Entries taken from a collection
☆ ☆ ☆
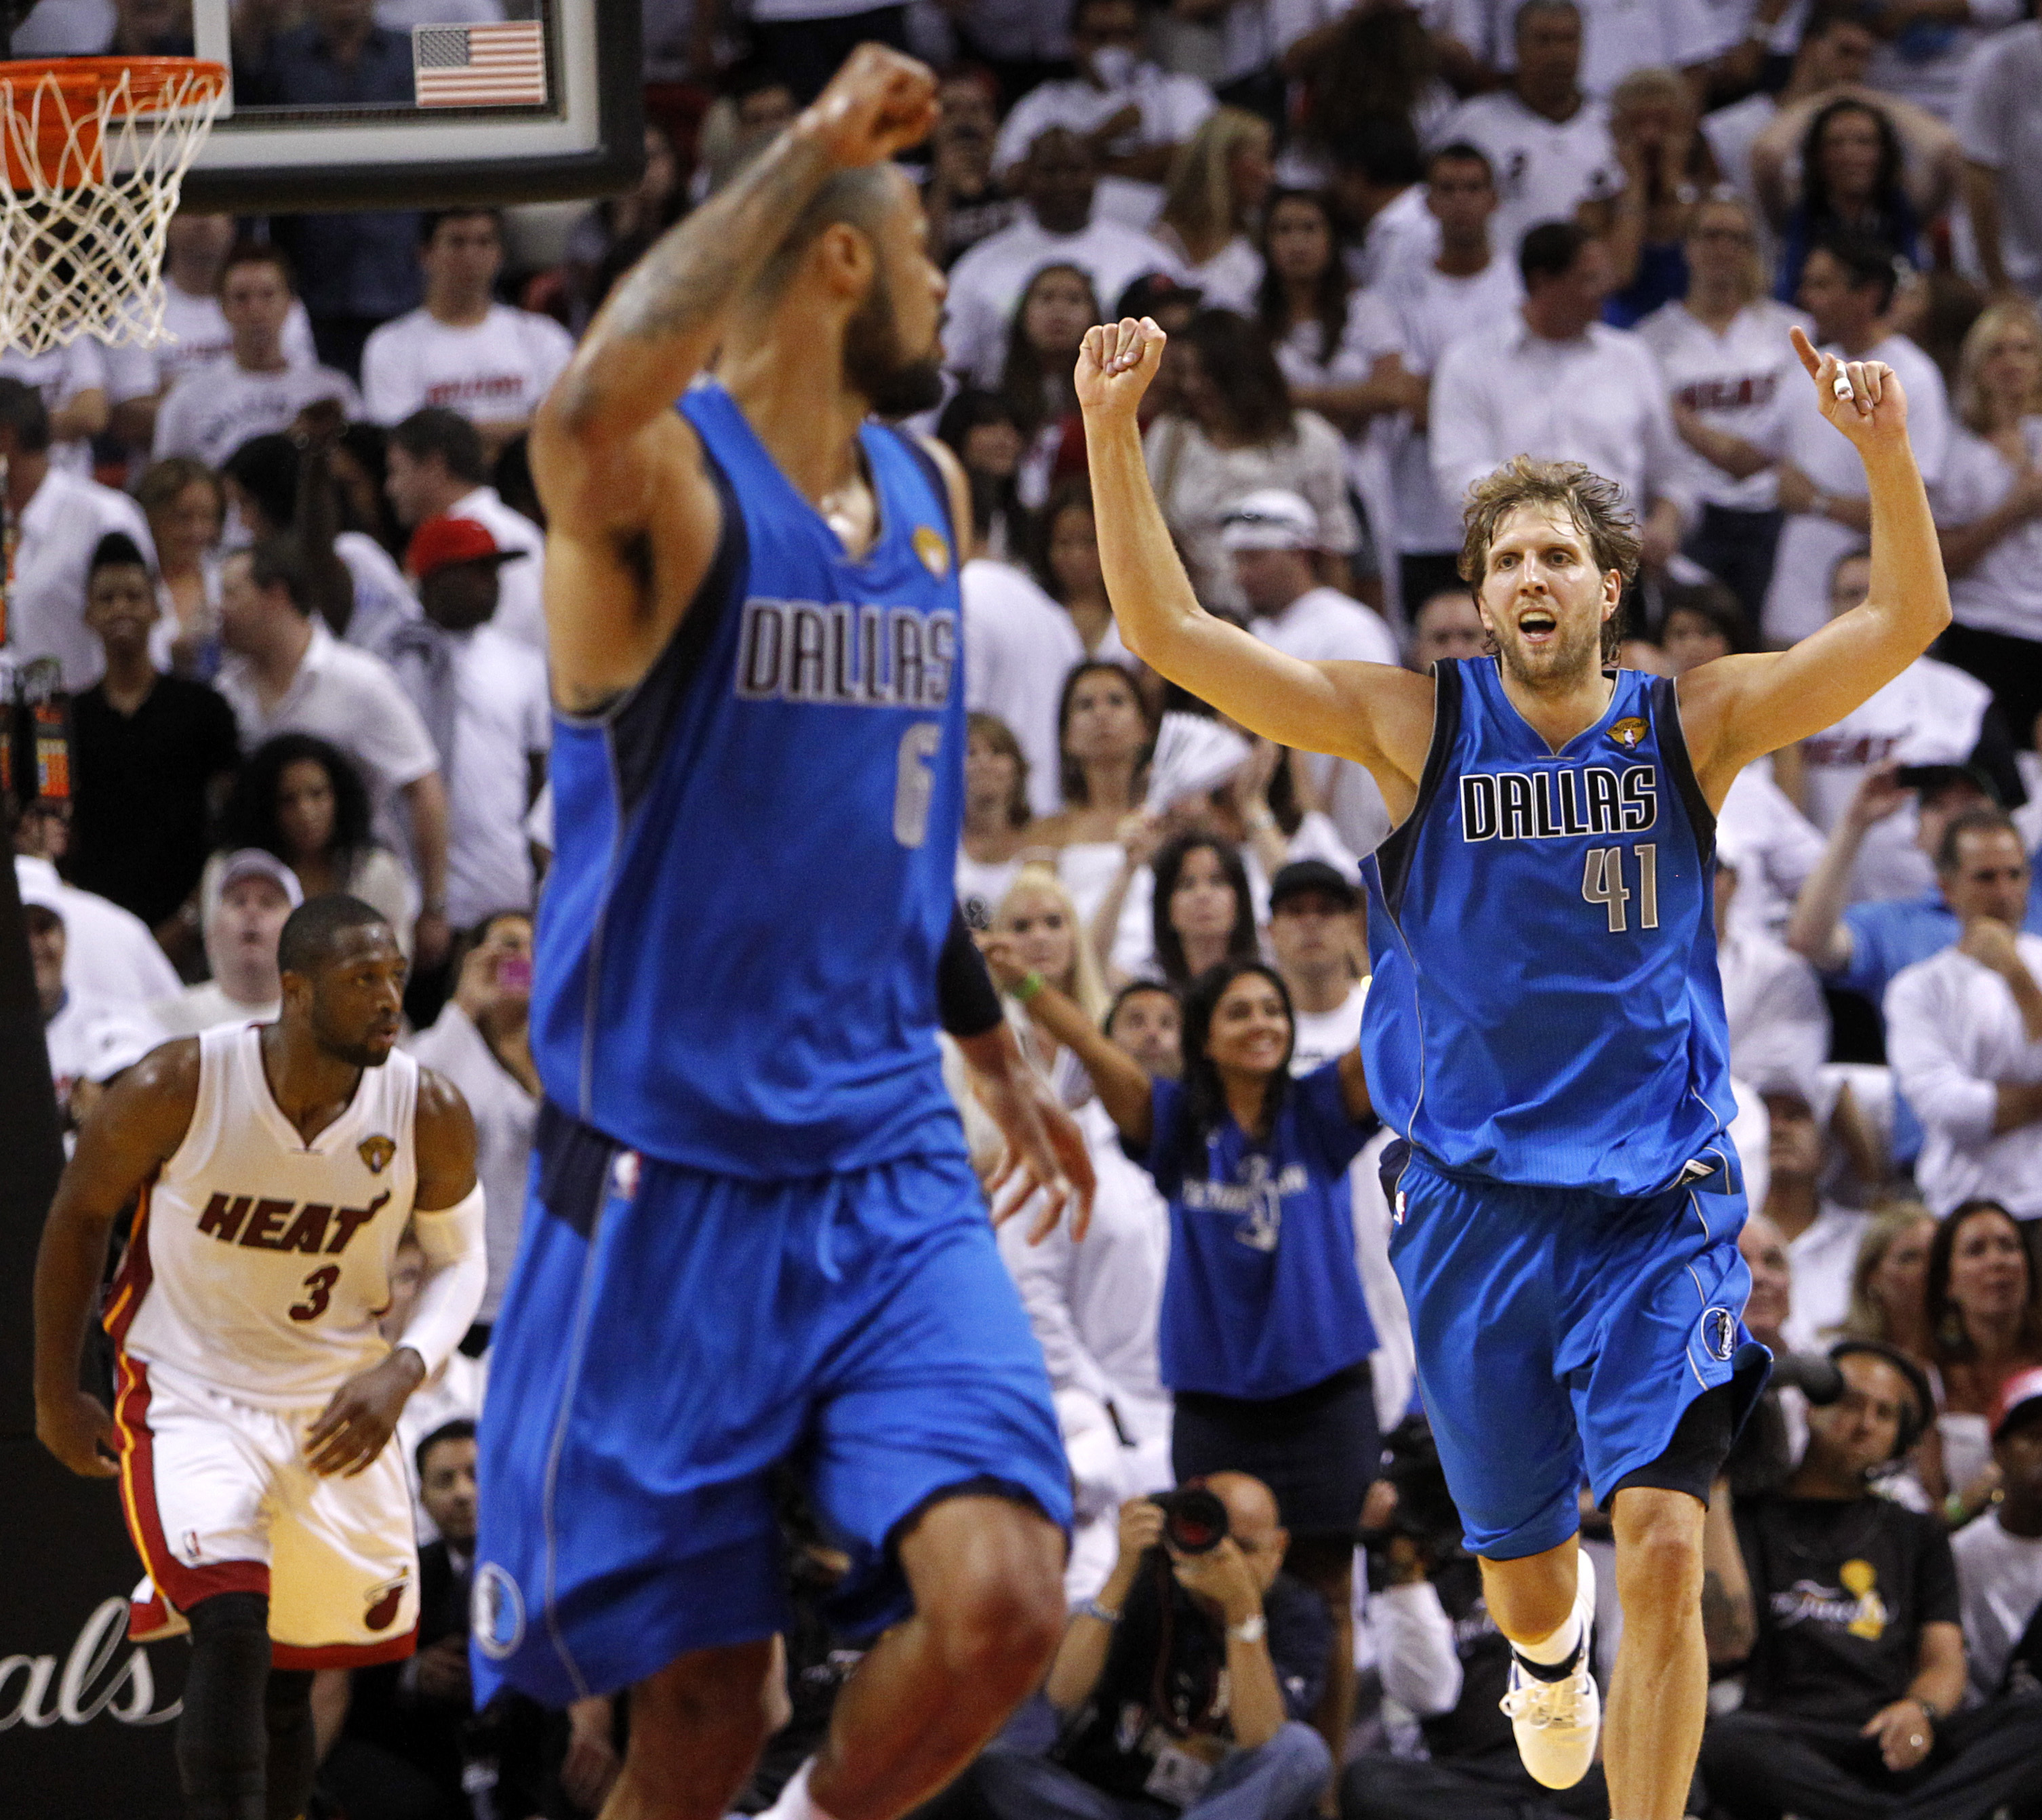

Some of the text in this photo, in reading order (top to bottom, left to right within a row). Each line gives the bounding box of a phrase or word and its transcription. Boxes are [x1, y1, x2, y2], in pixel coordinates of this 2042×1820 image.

[735, 597, 957, 711] DALLAS
[893, 721, 943, 849] 6
[1459, 765, 1658, 843] DALLAS
[1582, 844, 1659, 932] 41
[197, 1189, 391, 1254] HEAT
[289, 1264, 340, 1321] 3
☆ ☆ ☆
**REQUIREMENT:** Return each record exactly as given, excluding any image.

**RESULT:**
Some of the text in this photo, in reading order (top to bottom, left to right within a row). Each line gives the bounding box of a phrase or word and its transcription. Boxes are [x1, y1, x2, y2], in pixel coordinates of this 2042×1820 image.

[735, 597, 957, 711] DALLAS
[893, 721, 943, 849] 6
[1459, 765, 1658, 843] DALLAS
[1582, 844, 1659, 932] 41
[197, 1189, 391, 1254] HEAT
[289, 1264, 340, 1321] 3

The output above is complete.